MIRAGE: Building the Infrastructure Before the Science

David Sears, Associate Professor, Music Theory, School of Music, Theatre & Dance

Watch Recording

David Sears’s AI journey began on a Sunday afternoon spinning a virtual globe. Radio Garden — a web interface that lets listeners tune into live radio stations anywhere on Earth — confronted him with more musical diversity in thirty minutes than he had seen in years of academic music theory literature: hybrid traditions blending indigenous and Western organizing principles, genres he had never encountered, sounds arriving from places his research community had never thought to study. And it came with an API.
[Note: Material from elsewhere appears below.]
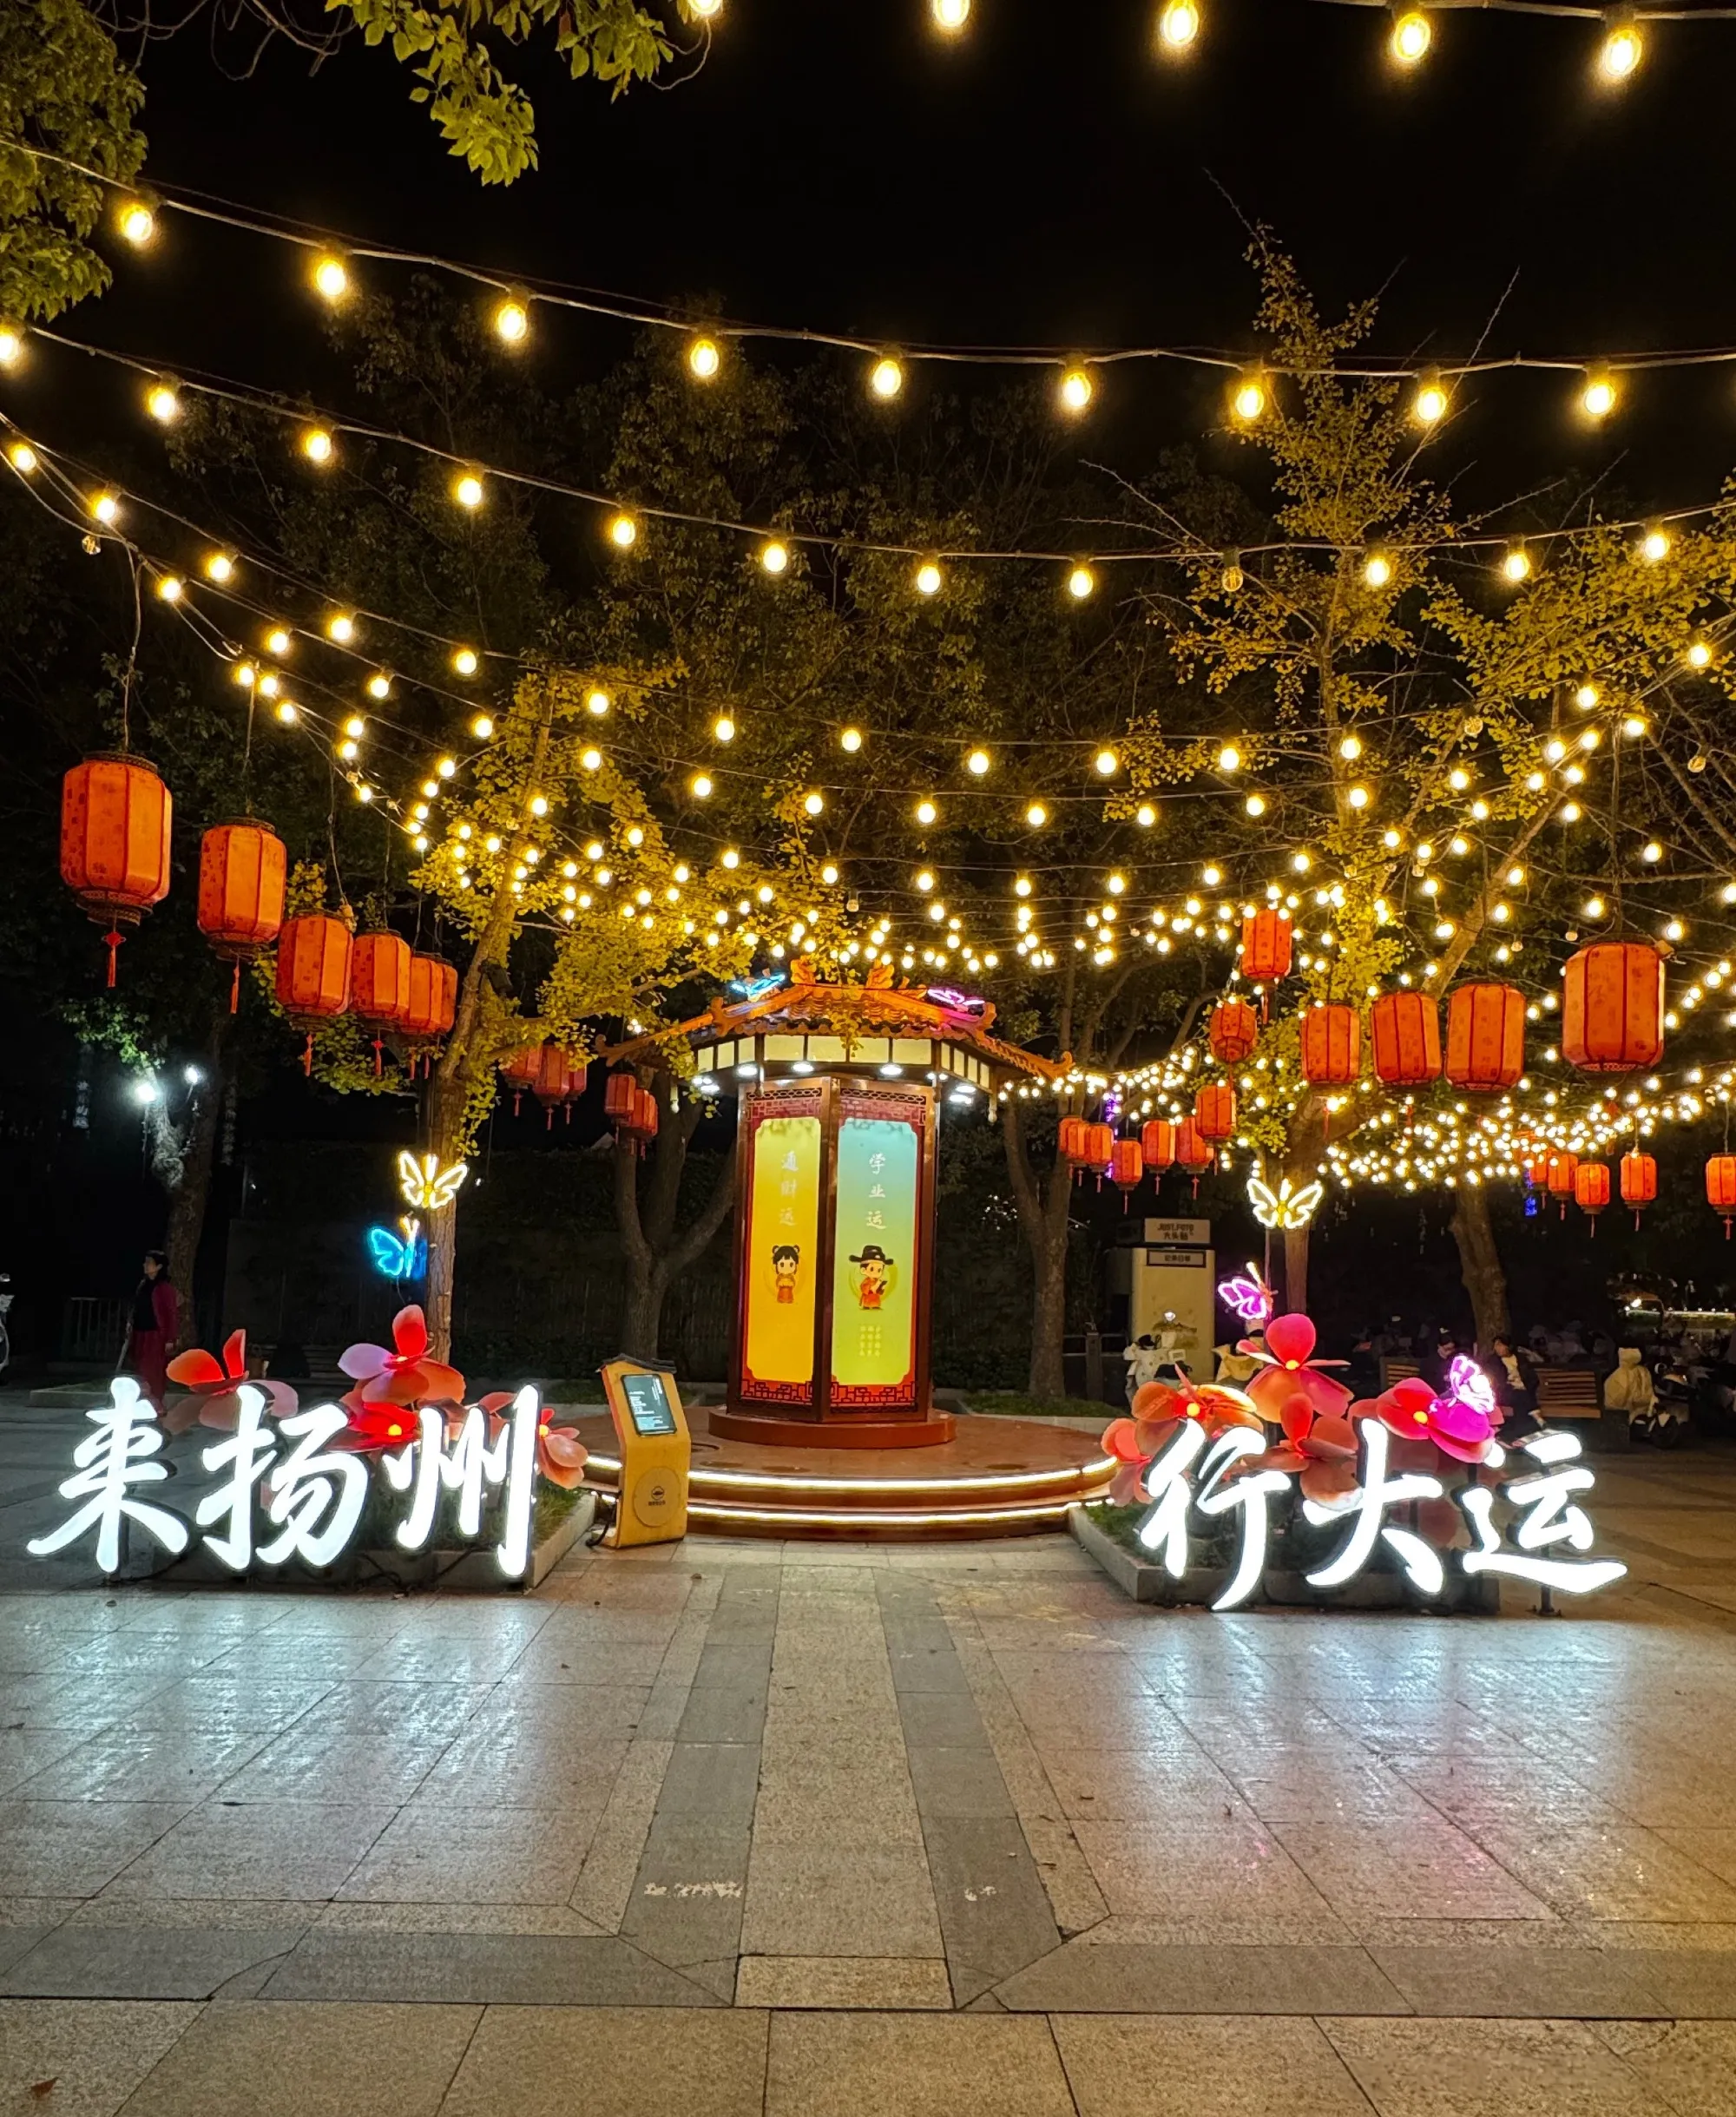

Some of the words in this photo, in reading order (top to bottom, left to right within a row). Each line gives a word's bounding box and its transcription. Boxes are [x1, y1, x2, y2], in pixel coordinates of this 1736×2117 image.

[865, 1152, 887, 1230] 学业运
[26, 1376, 541, 1577] 来扬州
[1140, 1418, 1628, 1610] 行大运
What followed was not a single research project but the construction of research infrastructure — a global database of radio station metadata and musical features designed to make world-music research at scale possible for the first time. Sears identified three goals: build the database, build an accompanying online dashboard for researchers without programming backgrounds, and use the resulting infrastructure to conduct machine listening projects that placed musical diversity at the center rather than treating Western organizing principles as a default.

The data collection was deliberate and tiered. His team selected 10,000 radio stations from around the world and monitored them for three months, collecting metadata for 100 streaming events per station — one million events in total. A team of human annotators reviewed every station across 15 variables, correcting errors in location data, station descriptions, and stream content. The pipeline then attempted to match each event against open-access databases — Wikidata, MusicBrainz — and commercial sources like Spotify to enrich the metadata. The result was 131 metadata variables per event, spanning everything from GPS coordinates and broadcast time zones to artist demographics, instruments, and vocal types.
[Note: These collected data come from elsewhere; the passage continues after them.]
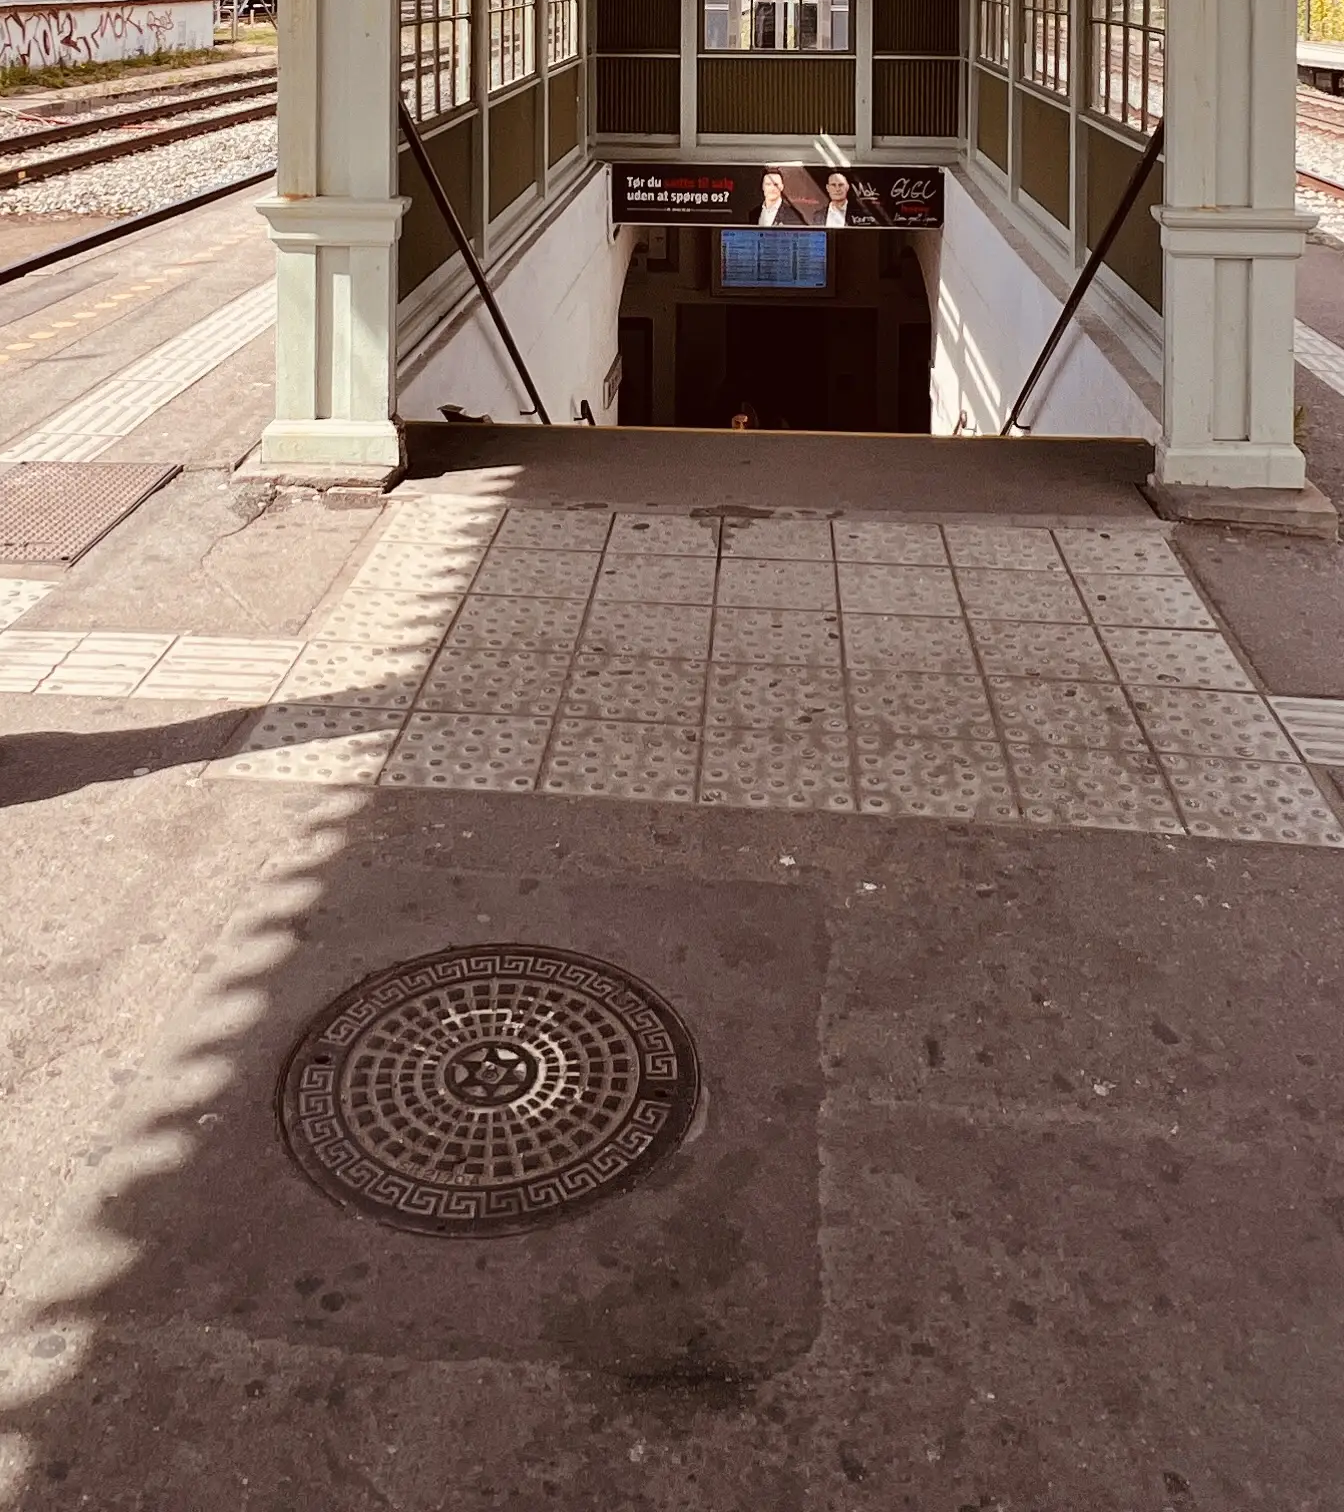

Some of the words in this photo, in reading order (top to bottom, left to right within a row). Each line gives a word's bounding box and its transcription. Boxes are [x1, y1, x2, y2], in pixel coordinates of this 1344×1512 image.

[626, 176, 645, 189] Tør
[647, 175, 662, 188] du
[626, 189, 655, 202] uden
[656, 190, 669, 202] at
[670, 191, 709, 205] spørge
[710, 190, 730, 203] os?
What to trust was a genuine research design question. Rather than cleaning the data to a single authoritative version, the team attached reliability scores to every field and published the data in reliability quartiles. Crucially, Sears described the decision to leave low-reliability records — particularly for artists from countries underrepresented in Western databases — as intentional: “These are our blind spots.” Researchers could come to that data specifically to study the music that existing databases know nothing about.
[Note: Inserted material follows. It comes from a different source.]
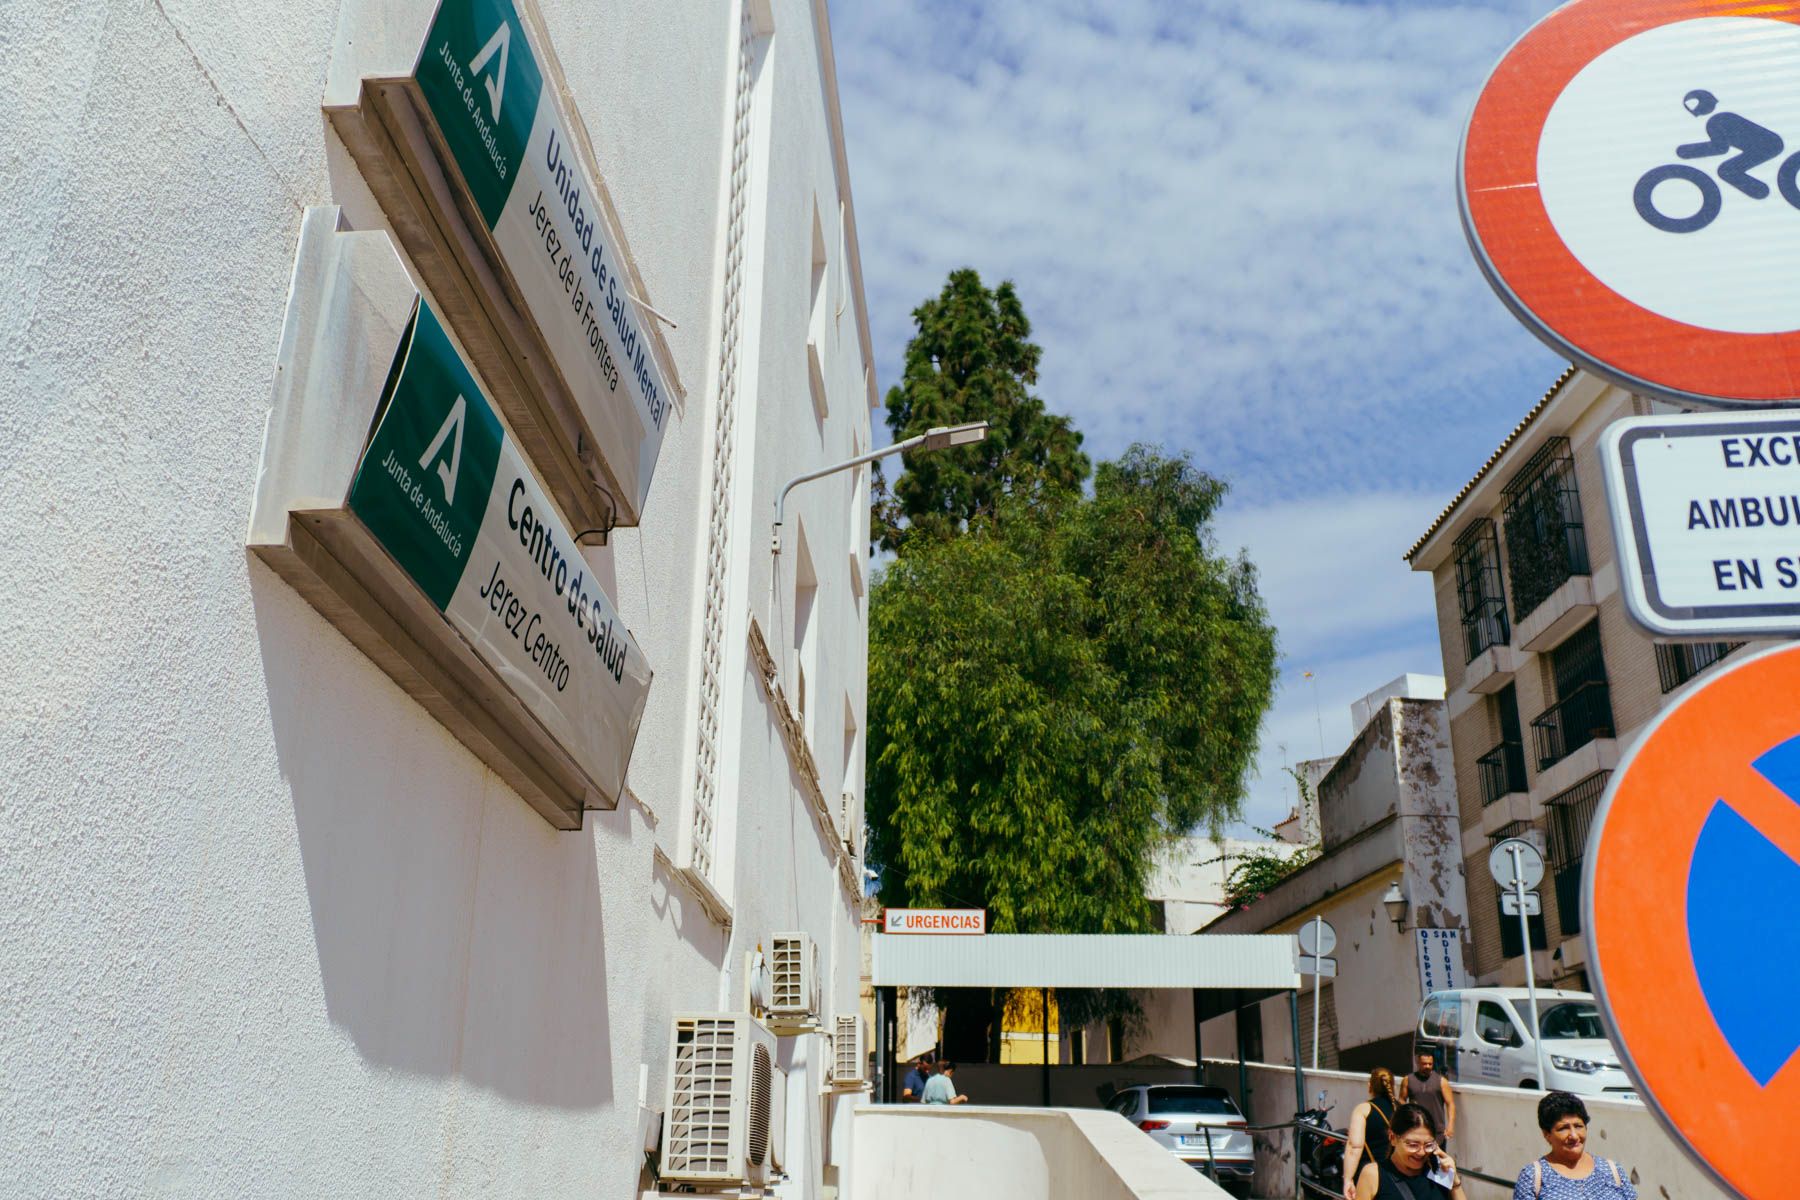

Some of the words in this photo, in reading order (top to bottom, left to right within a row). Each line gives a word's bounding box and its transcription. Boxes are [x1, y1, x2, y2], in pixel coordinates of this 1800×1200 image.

The infrastructure was built with multiple access points from the start. The Mirage Project dashboard offers a globe interface, streaming playback, filtering, and export tools for researchers with no coding background. A Python API client serves those who want to query the data programmatically. And GeoListen — a mobile game in the App Store and on Google Play — turns the listener’s task of guessing a song’s geographic origin into a large-scale behavioral experiment, collecting data from players worldwide about how human beings form geographic associations with unfamiliar music. Every track in the game comes from the Mirage database; every guess becomes research data. The game is science wearing the skin of entertainment, and it works.

Sears was candid about the limitations. Radio Garden overrepresents Europe and underrepresents China, which blocks stations from streaming on the platform. The newest re-monitoring project — recording 300,000 short audio excerpts from the live streams — corrects the geographic sampling by weighting stations proportionally to population density. The science that Mirage was built to support is now beginning in earnest.